- Problem: Beginning with the line that has "this 1920×1440 image.", reproduce each remaining line of the data exactly, down to and including the last.
- - - -
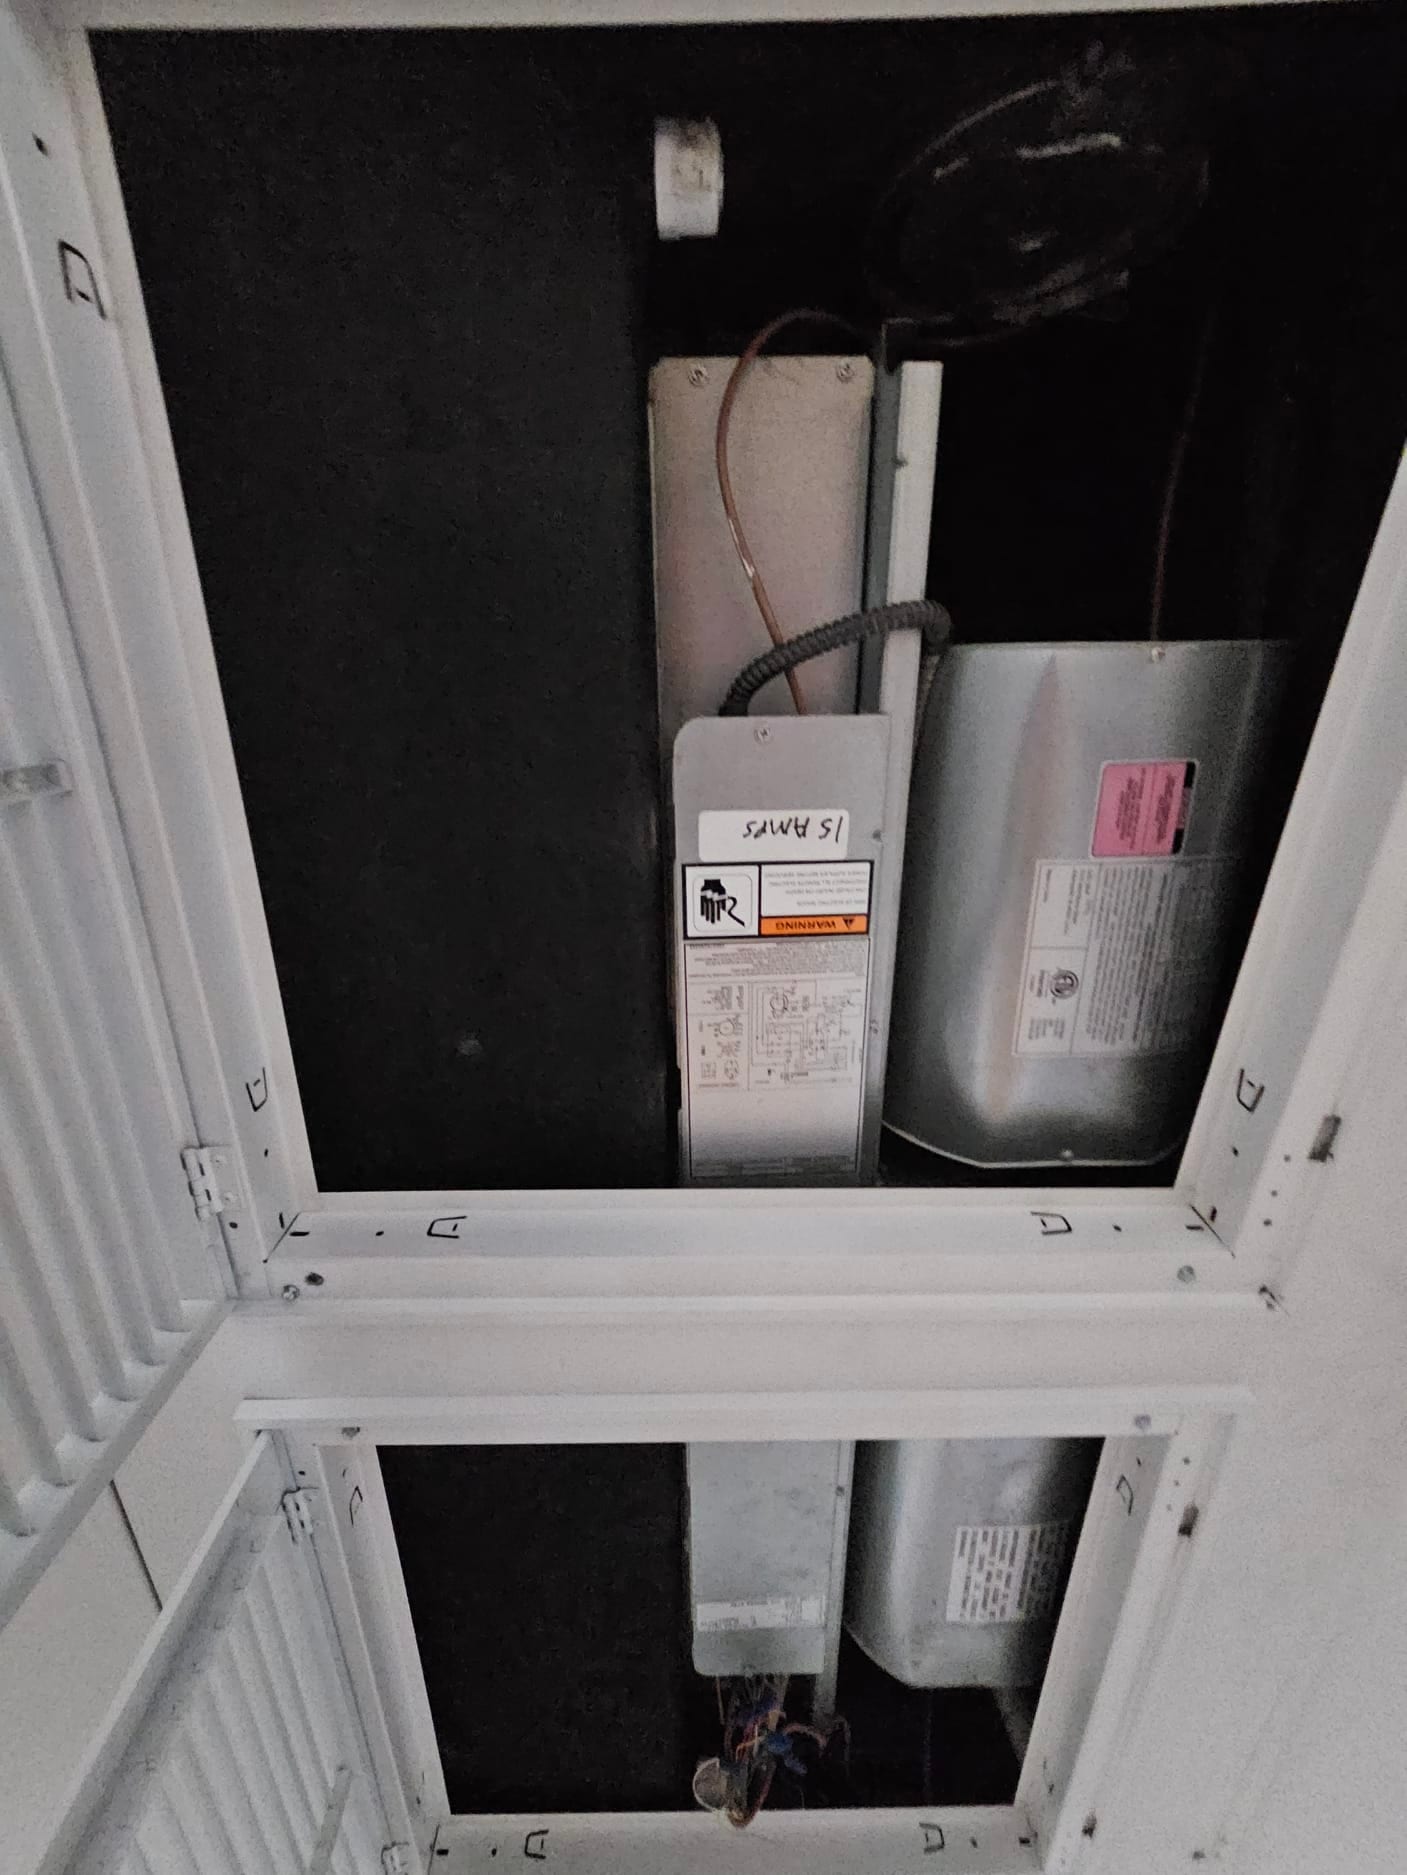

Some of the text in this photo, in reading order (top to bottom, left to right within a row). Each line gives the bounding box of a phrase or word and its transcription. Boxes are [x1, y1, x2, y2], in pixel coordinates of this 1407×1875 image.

[742, 816, 843, 843] 15 AMPS
[775, 919, 836, 931] WARNING
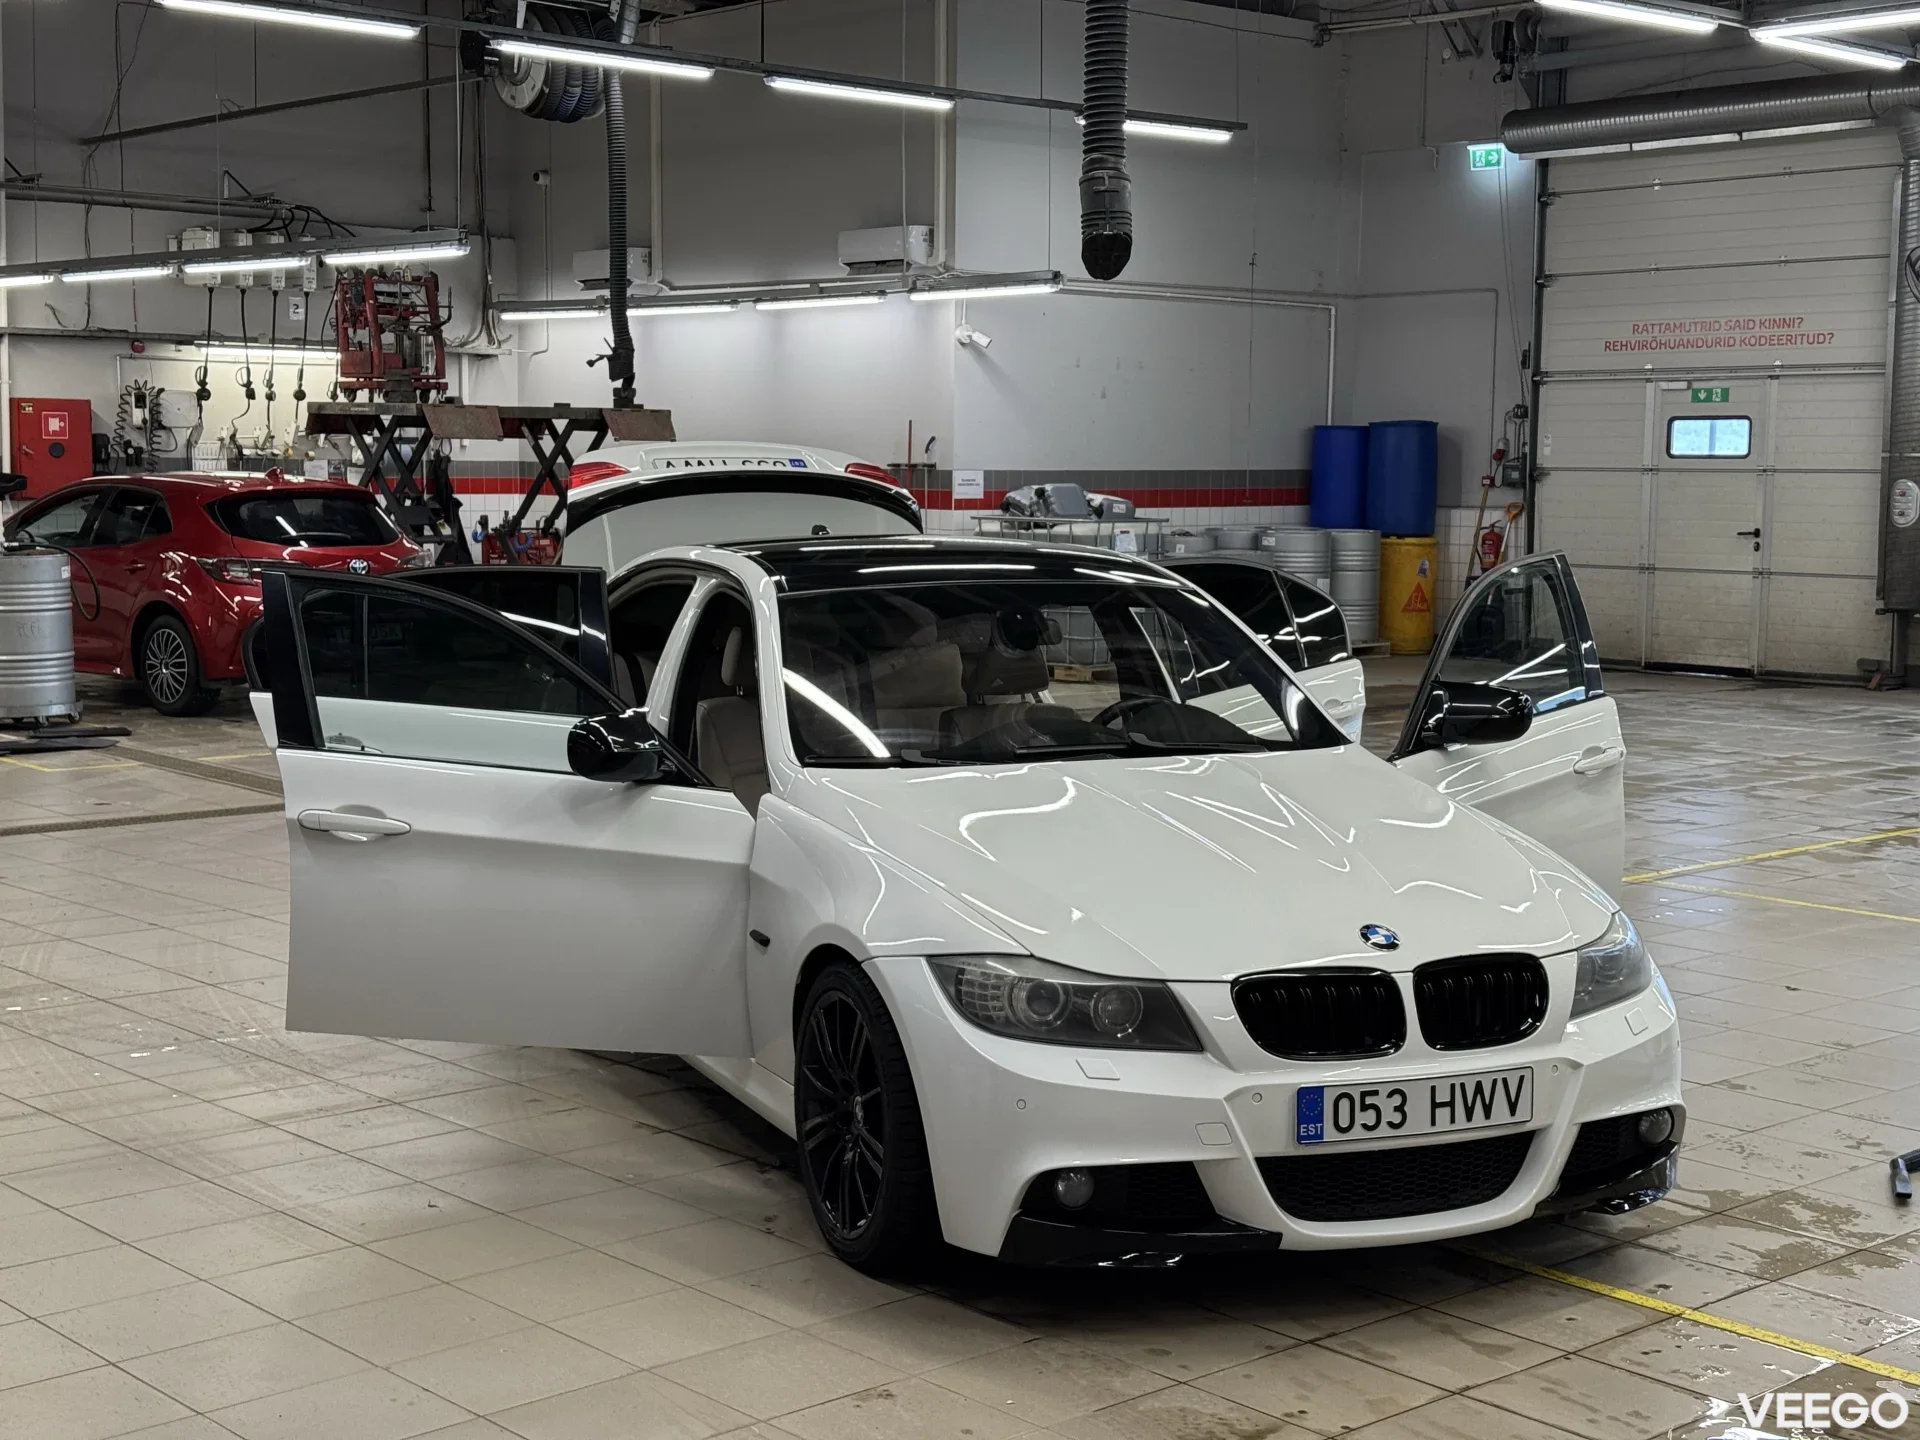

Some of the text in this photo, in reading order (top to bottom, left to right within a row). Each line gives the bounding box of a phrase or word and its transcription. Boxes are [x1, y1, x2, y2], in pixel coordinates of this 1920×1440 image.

[292, 303, 300, 315] 2
[1632, 317, 1804, 335] RATTAMUTRID SAID KINNI?
[1604, 333, 1834, 352] REHVIRÕHUANDURID KODEERITUD?
[1300, 1075, 1526, 1136] EST 053 HWV
- - - -
- Answer space:
Some of the text in this photo, in reading order (top to bottom, left to right within a row). Each line gives the bounding box of a phrase or word and its transcription. Boxes are [x1, y1, x2, y2], in pixel coordinates of this 1920×1440 image.

[292, 303, 300, 315] 2
[1632, 317, 1804, 335] RATTAMUTRID SAID KINNI?
[1604, 333, 1834, 352] REHVIRÕHUANDURID KODEERITUD?
[1300, 1075, 1526, 1136] EST 053 HWV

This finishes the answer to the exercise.